Among genes conserved from bacteria to mammals are those involved in replicating and repairing DNA. Following the complete sequencing of four hemiascomycetous yeast species during the course of the Genolevures 2 project, we have studied the conservation of 106 genes involved in replication, repair, and recombination in Candida glabrata, Kluyveromyces lactis, Debaryomyces hansenii, and Yarrowia lipolytica and compared them with their Saccharomyces cerevisiae orthologues. We found that proteins belonging to the replication fork and to the nucleotide excision repair pathway were-on the average-more conserved than proteins involved in the checkpoint response to DNA damage or in meiotic recombination. The meiotic recombination proteins Spo11p and Mre11p-Rad50p, involved in making meiotic double-strand breaks (DSBs), are conserved as is Mus81p, involved in resolving meiotic recombination intermediates.
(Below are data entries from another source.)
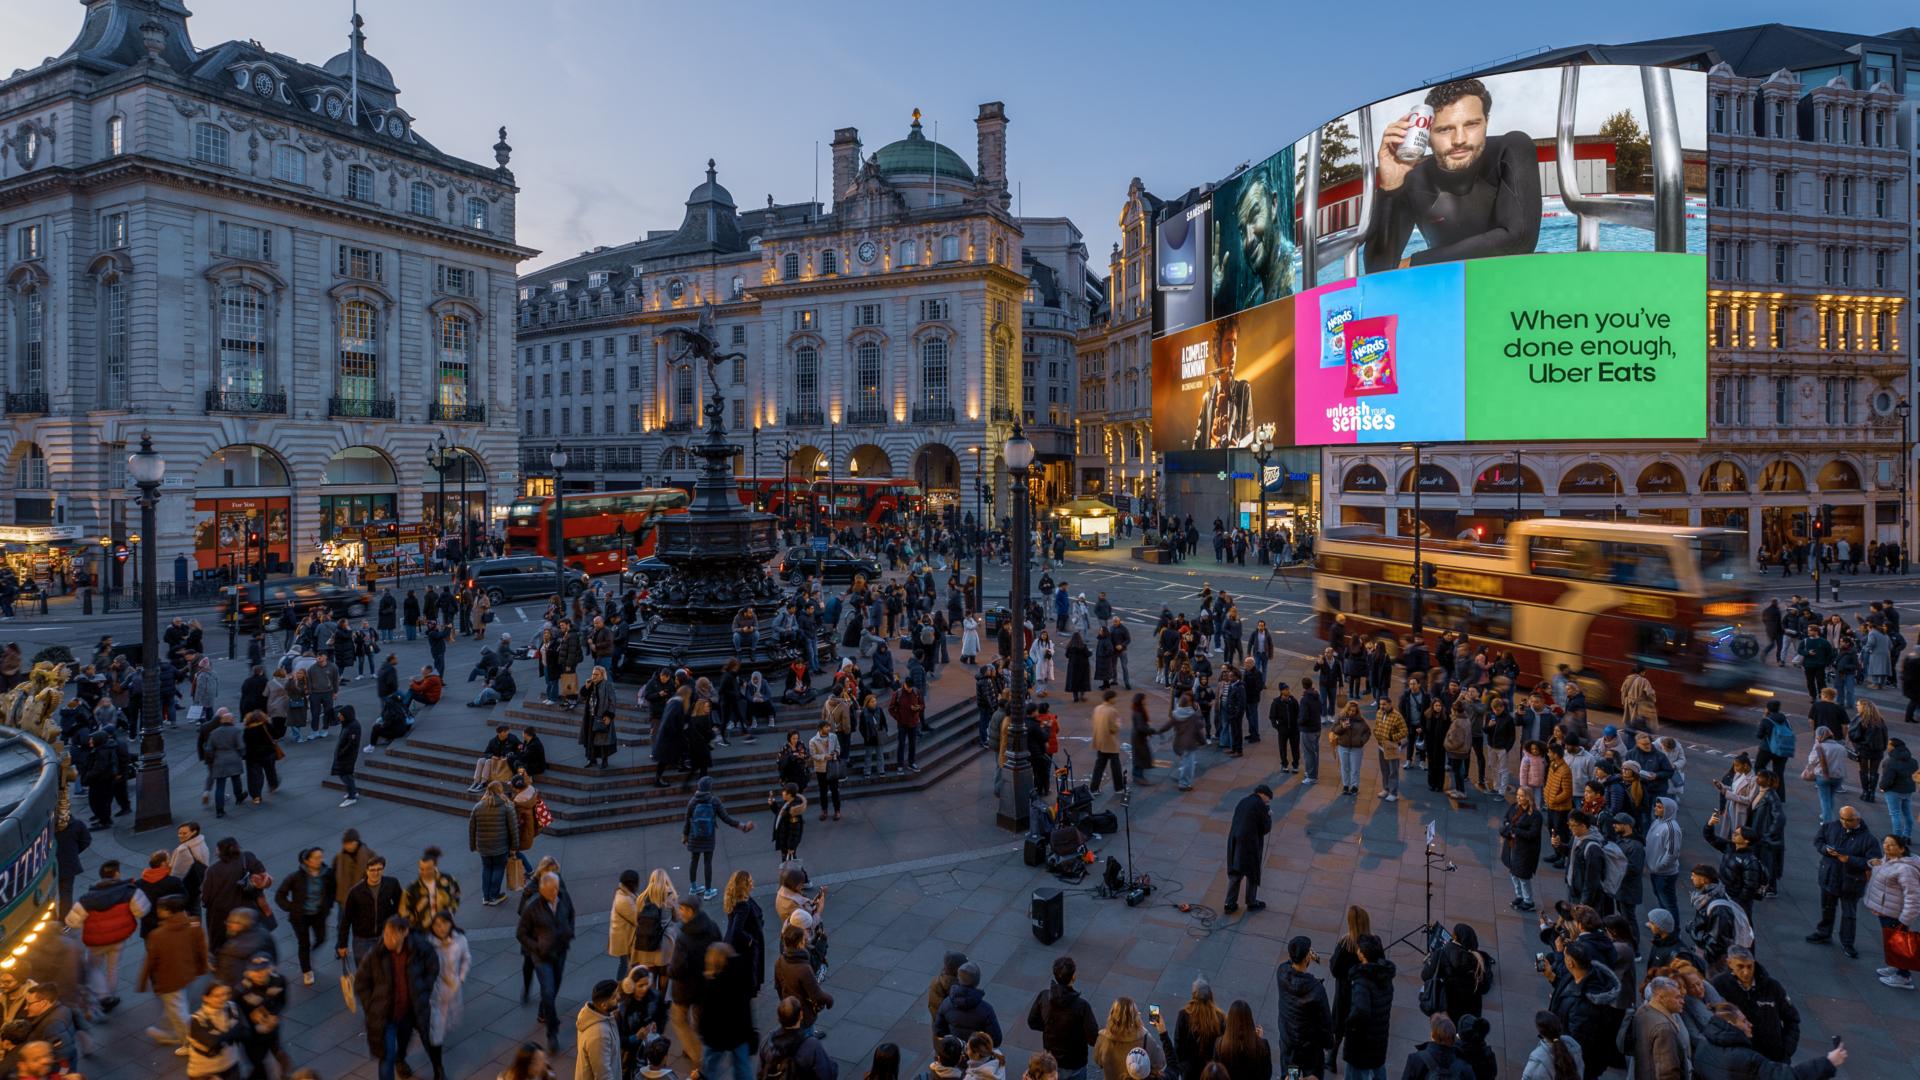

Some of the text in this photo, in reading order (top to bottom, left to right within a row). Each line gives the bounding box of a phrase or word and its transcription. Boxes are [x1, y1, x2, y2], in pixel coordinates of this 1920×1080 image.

[1186, 199, 1211, 222] SAMSUNG
[1510, 307, 1671, 334] When you've
[1185, 341, 1208, 362] COMPLETE
[1503, 335, 1677, 361] done enough,
[1182, 359, 1206, 379] UNKNOWN
[1529, 361, 1656, 384] Uber Eats
[1326, 401, 1387, 419] unleash YOUR
[1332, 413, 1396, 433] senses
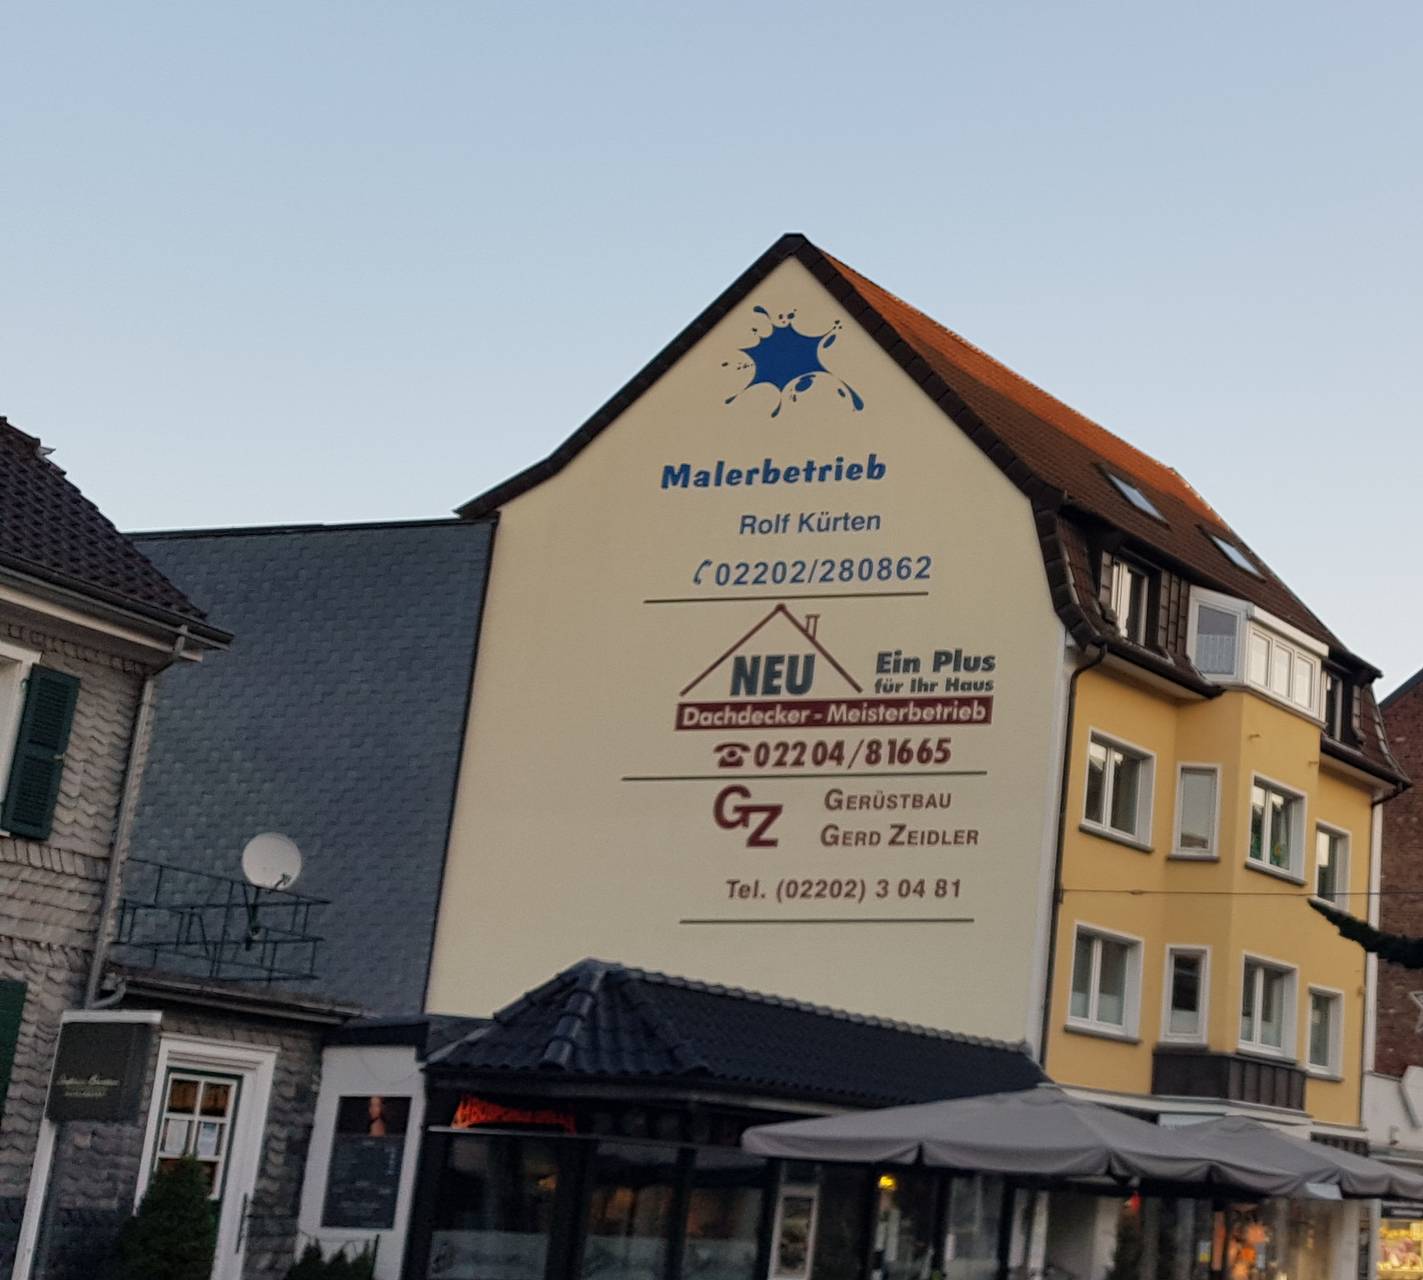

Interestingly, genes found in organisms in which DSB-repair is required for proper synapsis during meiosis are also found in C. glabrata, K. lactis, and D. hansenii but not in Y. lipolytica, suggesting that two modes of meiotic recombination have been selected during evolution of the hemiascomycetous yeasts. In addition, we found that SGS1 and TOP1, respectively, a DEAD/DEAH helicase and a type I topoisomerase, are duplicated in C. glabrata and that SRS2, a helicase involved in homologous recombination, is tandemly duplicated in K. lactis. Phylogenetic analyses show that the duplicated SGS1 gene evolved faster than the original gene, probably leading to a specialization of function of the duplicated copy.